An article in the New York Times (“Poll Shows Major Shift in Identity of U.S. Jews,” Laurie Goodstein, Oct. 1, 2013) reported that religious observance in American Jews is declining at a precipitous rate. Regardless of how one defines a Jew, the numbers are plummeting. Fully one third of Jews identify themselves as Jewish on the basis of ancestry rather than religious practice and two thirds say it is not necessary to believe in God to be Jewish.
Judaism, like Christianity, is not a monolithic movement. Rather it is divided into roughly three main groups: Orthodox, Conservative and Reform, although there are a few other sub groupings. It turns out that both the Conservative and Reform branches of Judaism are in decline while Orthodox Jews, the smallest of the three main branches, is the only one of the three to register growth.
This finding, as reported by the respected Pew Center’s Religion and Public Life Project, somewhat parallels the trends in the American Protestant Church, too. The mainline churches, which are the more moderate and even liberal congregations (United Methodist, Disciples of Christ, Presbyterian Church USA, Episcopal Church, Evangelical Lutheran Church of America, etc.) have been losing members for decades, some at alarming rates, while the more conservative and independent congregations in this country continue to show membership increases. The general American public, like Judaism, shows growing numbers of persons with “no religion.”

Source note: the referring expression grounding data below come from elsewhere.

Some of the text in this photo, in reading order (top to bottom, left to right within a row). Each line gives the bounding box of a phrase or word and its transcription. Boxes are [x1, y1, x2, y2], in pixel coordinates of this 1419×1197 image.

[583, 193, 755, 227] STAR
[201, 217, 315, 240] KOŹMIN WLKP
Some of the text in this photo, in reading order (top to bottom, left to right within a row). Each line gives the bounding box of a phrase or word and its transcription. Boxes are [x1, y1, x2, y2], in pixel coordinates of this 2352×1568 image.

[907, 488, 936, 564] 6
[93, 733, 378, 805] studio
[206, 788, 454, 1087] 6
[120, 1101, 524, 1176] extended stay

Is this a natural progression? Is a cooling of ardor simply inescapable? Is this a religious manifestation of the second law of thermodynamics whereby in the exchange of energy heat inevitable dissipates over time?

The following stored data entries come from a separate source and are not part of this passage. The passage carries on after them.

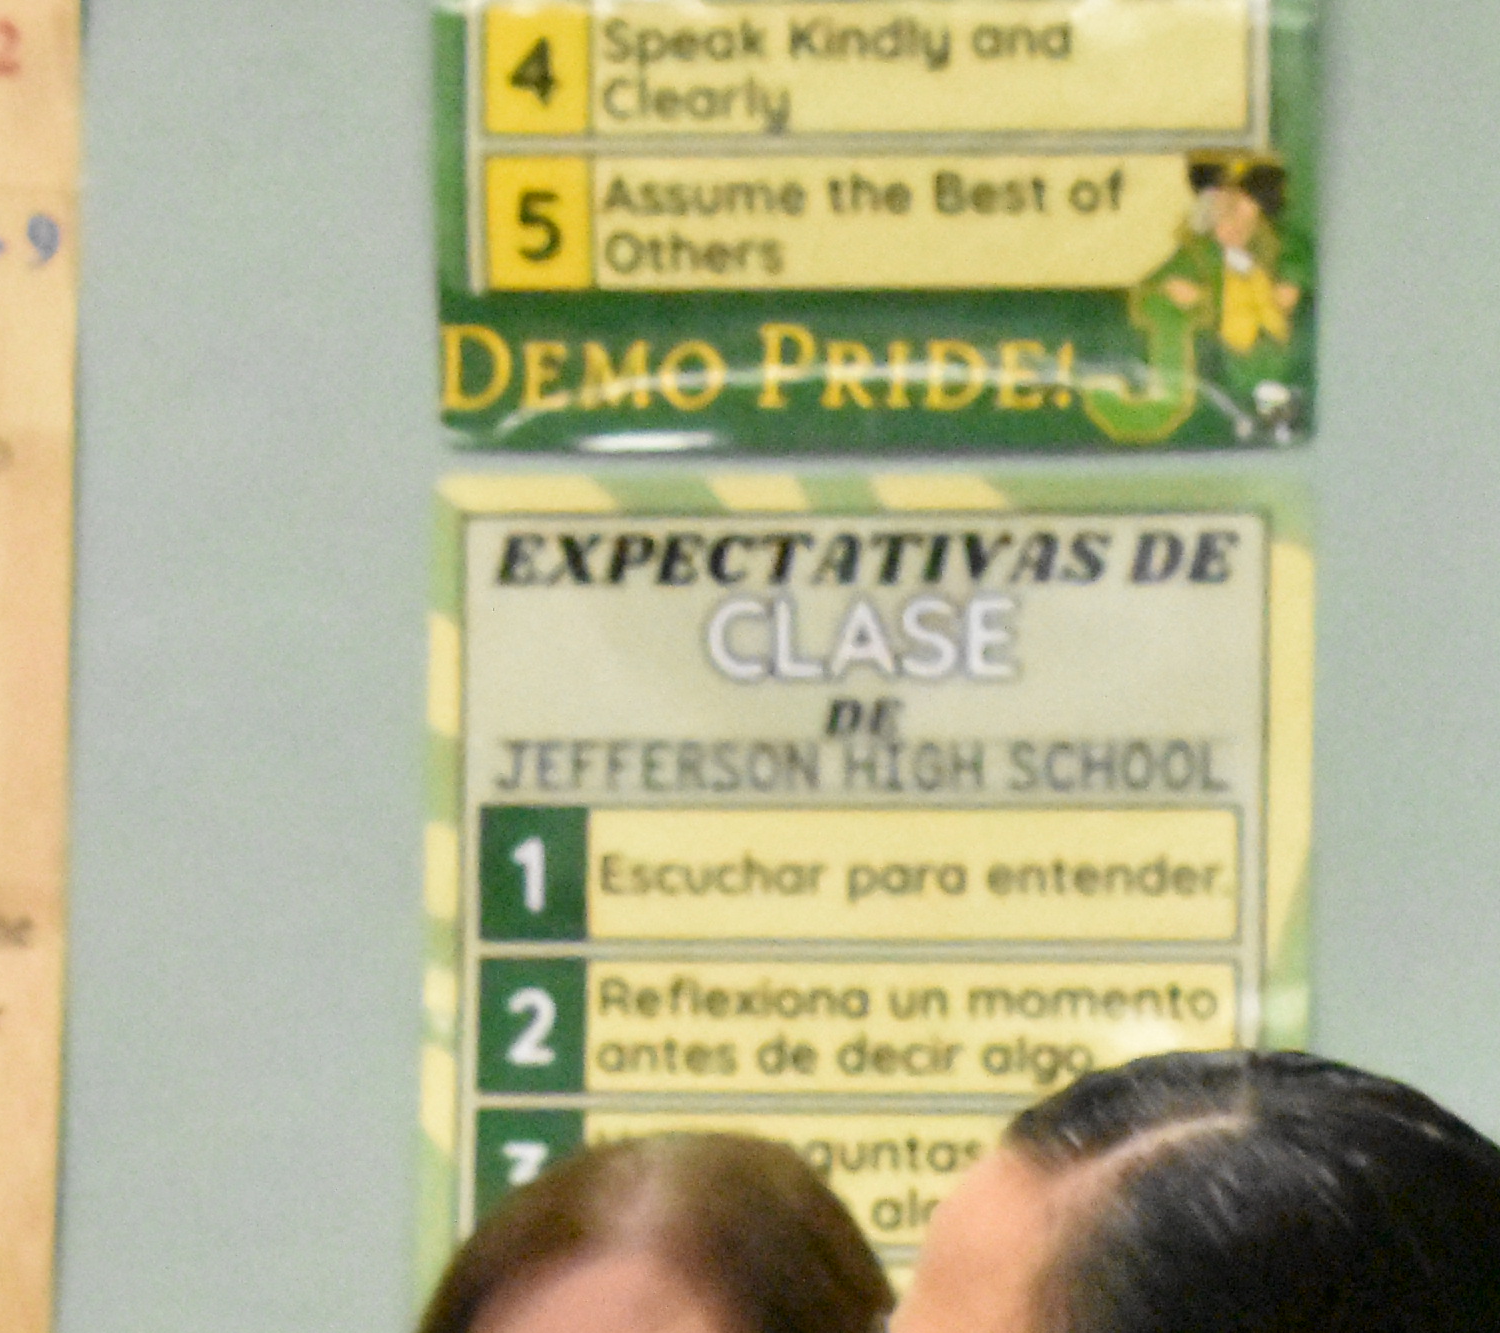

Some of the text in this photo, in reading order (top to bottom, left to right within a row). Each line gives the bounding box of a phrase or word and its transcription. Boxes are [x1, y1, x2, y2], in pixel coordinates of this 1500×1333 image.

[507, 38, 558, 105] 4
[603, 17, 1074, 72] Speak Kindly and
[602, 77, 791, 134] Clearly
[602, 172, 807, 217] Assume
[827, 172, 911, 216] the
[933, 173, 1047, 216] Best
[516, 191, 563, 262] 5
[603, 233, 785, 275] Others
[499, 531, 1113, 586] EXPECTATIVAS
[705, 597, 1018, 681] CLASE
[496, 739, 1230, 794] JEFFERSON HIGH SCHOOL
[511, 838, 546, 912] 1
[600, 855, 824, 895] Escuchar
[847, 861, 966, 903] para
[507, 988, 557, 1067] 2
[597, 978, 1219, 1022] Reflexiona un momento
[596, 1038, 736, 1077] antes
[758, 1034, 818, 1075] de
[836, 1034, 960, 1075] decir

The book of Daniel describes a setting where the Jews, in captivity, were forced to assimilate into the culture of their captors, a setting that Jews have faced over the centuries in many nations and settings. It is a temptation for almost all religious groups; the United States, with its many freedoms seductively beckons every religious grouping to gravitate towards less faithfulness.
Christianity, barely breathing in Western Europe and struggling to remain vital in parts of this nation, is growing explosively in Africa. I do not know whether such trends are comparable for Judaism, which has not traditionally been an evangelical religion. Even in Israel the percentages of Jews who are faithful practitioners of their religious habits are declining.
Some of the findings of this survey: Older Jews are more religiously observant than younger Jews, the numbers of Jews who are marrying outside Judaism is on the rise, only 26 percent of Jews says religion is very important in their life compared with 56 percent of the general public; 23 percent of Jews live in the South. In terms of politics, Jews overwhelmingly vote Democratic, but trends in Judaism mirror our country in that Orthodox Jews, the most conservative branch, tend to vote Republican.
Finally, even though 22 percent of American Jews identify as having no religion, American Jews are overwhelmingly proud to be Jewish.
Creede Hinshaw is a retired minister.